Despite his adoption of no-till and cover crops, subsoiling was a practice Jason Carter never questioned. Like many farmers in his region, the Eastover, South Carolina, corn, wheat, and soybean grower found spring subsoiling necessary to break up "the hardpan caused by earlier years of tillage," he says.
However, lush cover crop growth in 2014 his second year growing cover cropsfoiled his plans at corn-planting time and changed his views on subsoiling.
"As I'd done before, I intended to subsoil and plant all in one pass," says Carter, "but because of the lush cover crop, I couldn't get enough traction to pull the subsoiler."
He made only one subsoiling pass through the field.
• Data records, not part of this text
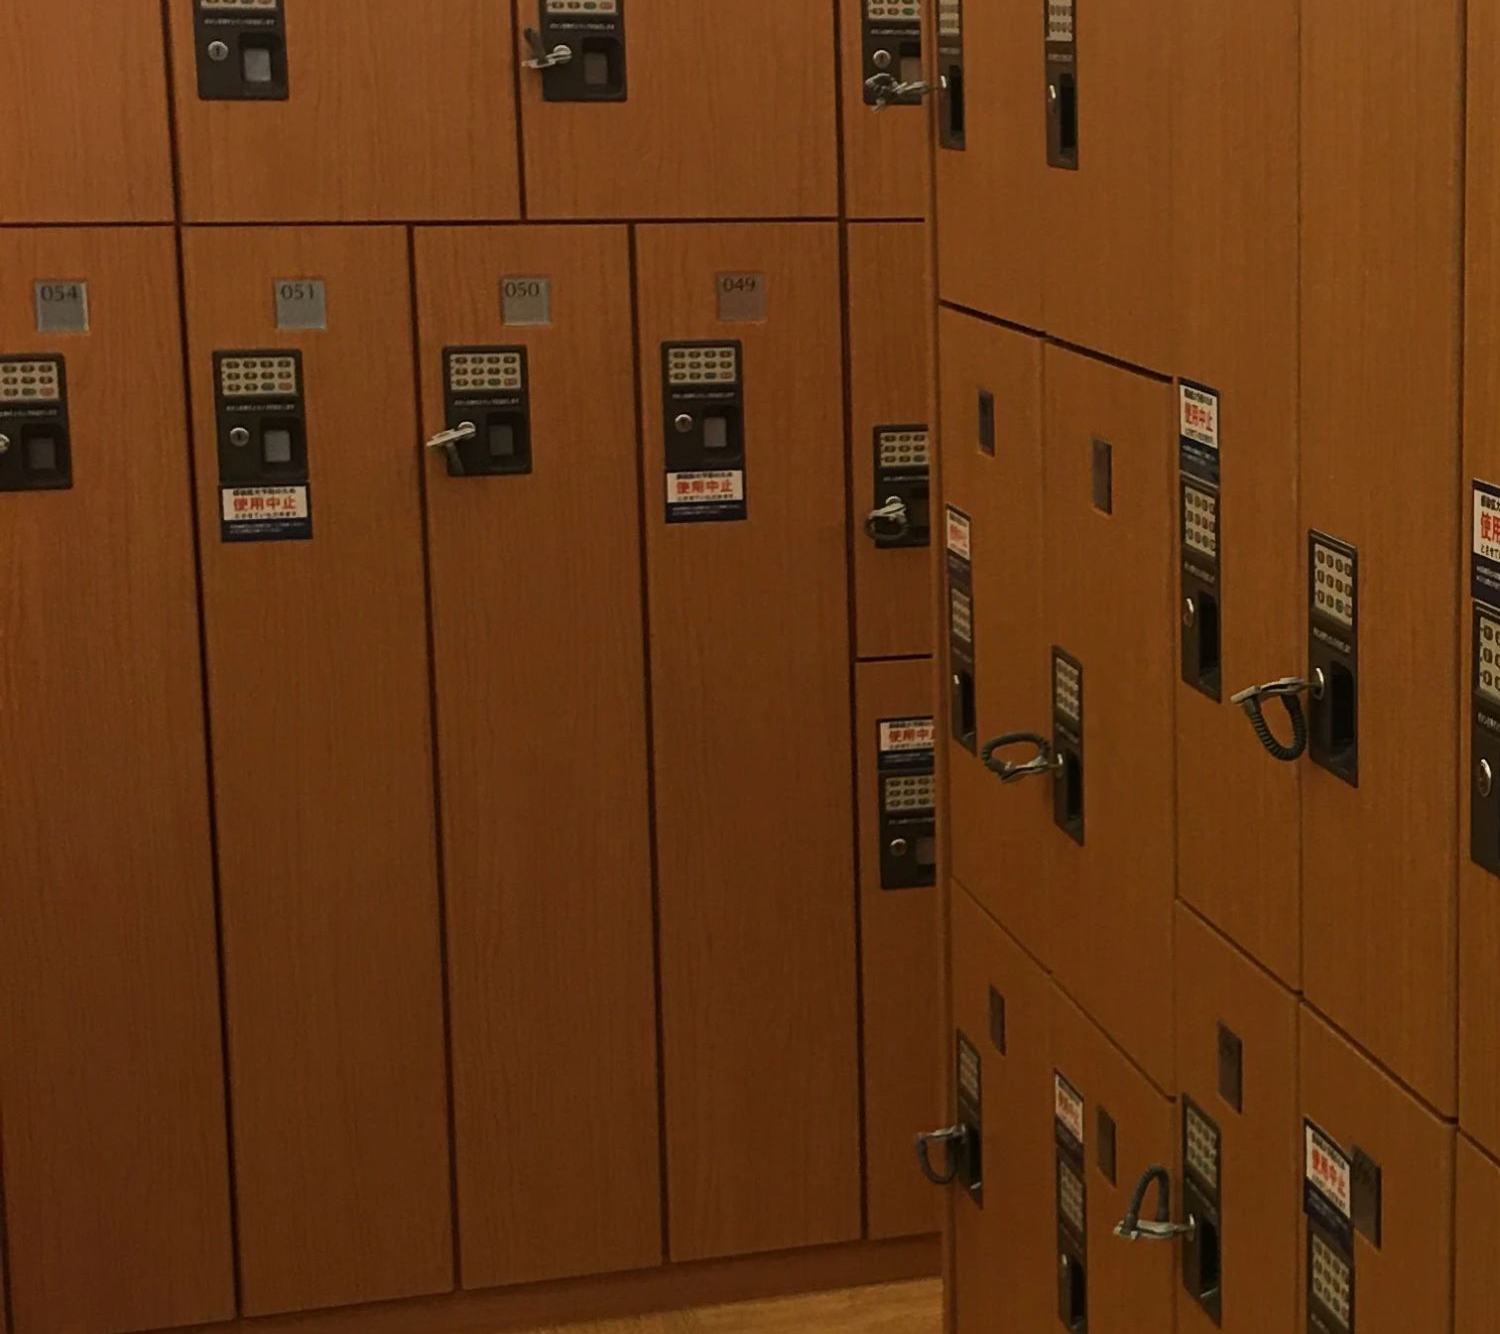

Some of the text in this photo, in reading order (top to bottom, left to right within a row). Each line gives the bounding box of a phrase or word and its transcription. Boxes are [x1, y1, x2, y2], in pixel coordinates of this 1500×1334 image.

[40, 285, 79, 301] 054
[281, 284, 315, 300] 051
[505, 282, 540, 297] 050
[723, 278, 756, 293] 049
[234, 497, 296, 511] 使用中止
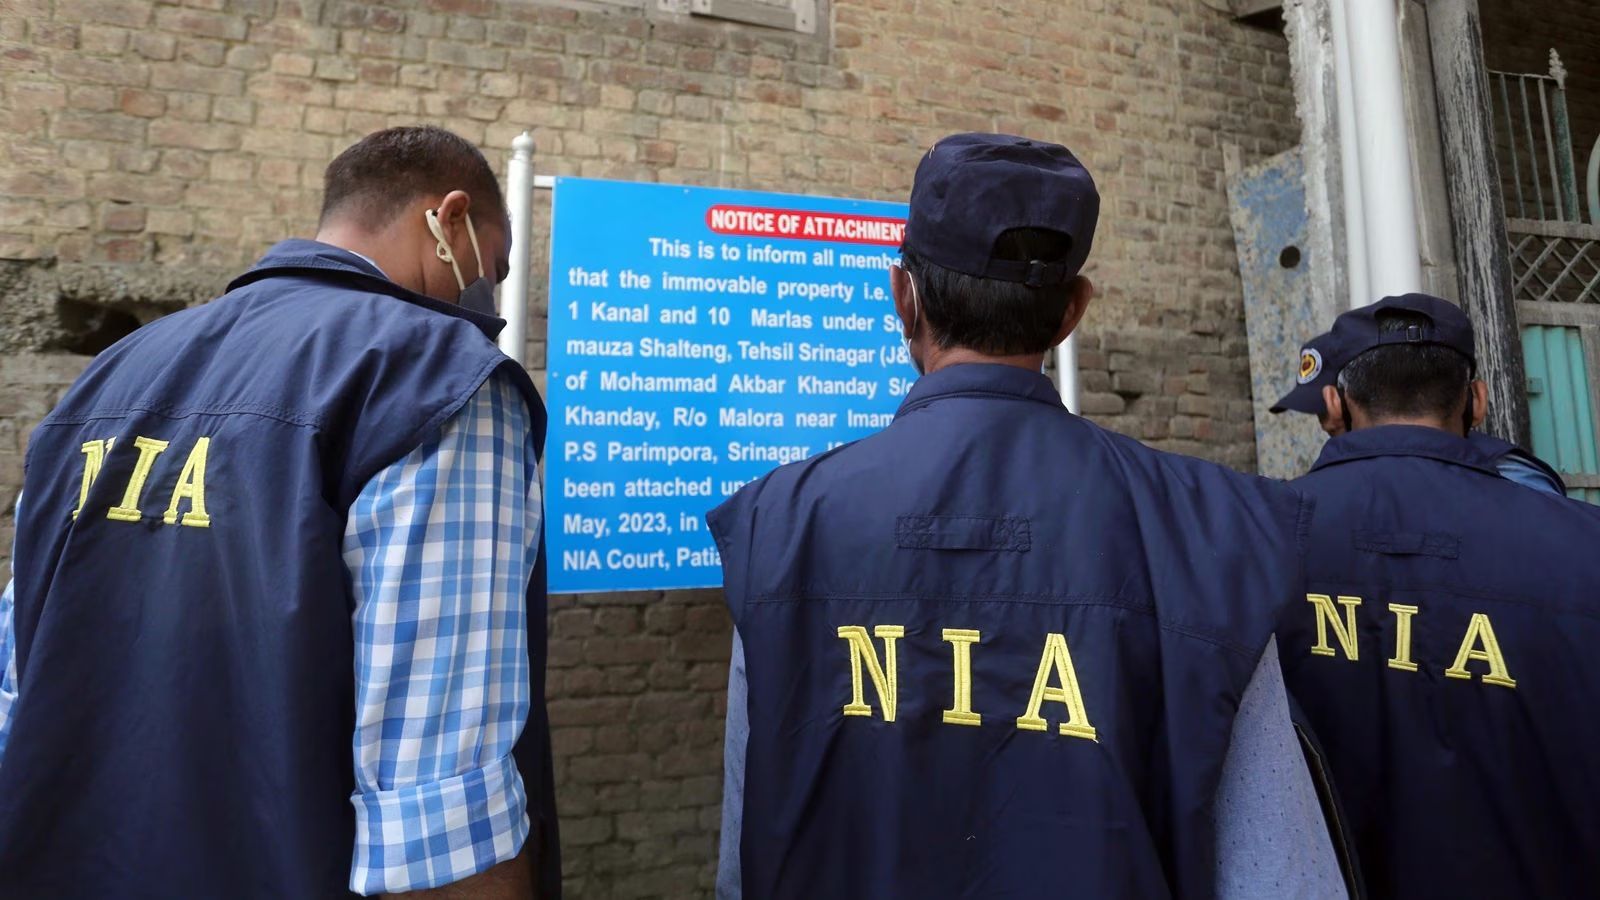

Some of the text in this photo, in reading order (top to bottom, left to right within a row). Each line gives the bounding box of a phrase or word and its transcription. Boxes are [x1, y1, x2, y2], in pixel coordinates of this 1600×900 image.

[711, 208, 775, 233] NOTICE
[778, 214, 800, 234] OF
[649, 237, 691, 258] This
[698, 241, 715, 259] is
[721, 244, 740, 260] to
[747, 243, 807, 264] inform
[813, 249, 833, 266] all
[568, 267, 889, 303] that the immovable property i.e.
[569, 301, 578, 320] 1
[592, 302, 649, 322] Kanal
[660, 306, 696, 324] and
[709, 307, 730, 325] 10
[752, 309, 812, 328] Marlas
[823, 314, 874, 330] under
[567, 340, 633, 356] mauza
[640, 338, 731, 363] Shalteng,
[738, 341, 793, 360] Tehsil
[799, 343, 875, 367] Srinagar
[566, 371, 587, 390] of
[601, 371, 717, 392] Mohammad
[729, 374, 786, 393] Akbar
[798, 376, 877, 400] Khanday
[566, 406, 660, 430] Khanday,
[674, 407, 706, 426] R/o
[720, 408, 784, 427] Malora
[796, 413, 837, 427] near
[565, 441, 596, 461] P.S
[608, 442, 717, 465] Parimpora,
[728, 442, 811, 465] Srinagar
[72, 436, 211, 528] NIA
[564, 477, 757, 497] been attached un
[564, 514, 610, 536] May,
[619, 513, 672, 534] 2023,
[681, 513, 697, 530] in
[564, 550, 600, 569] NIA
[607, 549, 670, 571] Court,
[1306, 593, 1517, 688] NIA
[837, 624, 1097, 740] NIA
Then he dropped the subsoiler and simply no-tilled into the green cover.
"At the end of the year, there was no yield difference between the two field treatments," he says.
He decided to drop the practice, but in 2015 a historic rainfall severely compacted soils and caused him to subsoil again out of necessity.
Nevertheless, his whole-farm adoption of cover crops has let him use the practice sparingly while reducing inputs to the barebone levels that set him apart from the norm and put him in demand as a presenter at farm conferences and field days.
Reducing inputs while maintaining yields, Carter named a Soil Health Champion by the National Association of Conservation Districts grows non-GMO crops on 1,000 acres, with 400 acres irrigated. He has planted a cover crop on every acre annually for the past 10 years. Reducing commercial inputs while maintaining yields is key to the profitable farm economics that drive his commitment to regenerative agriculture.
This story is from the July 2023 edition of Successful Farming.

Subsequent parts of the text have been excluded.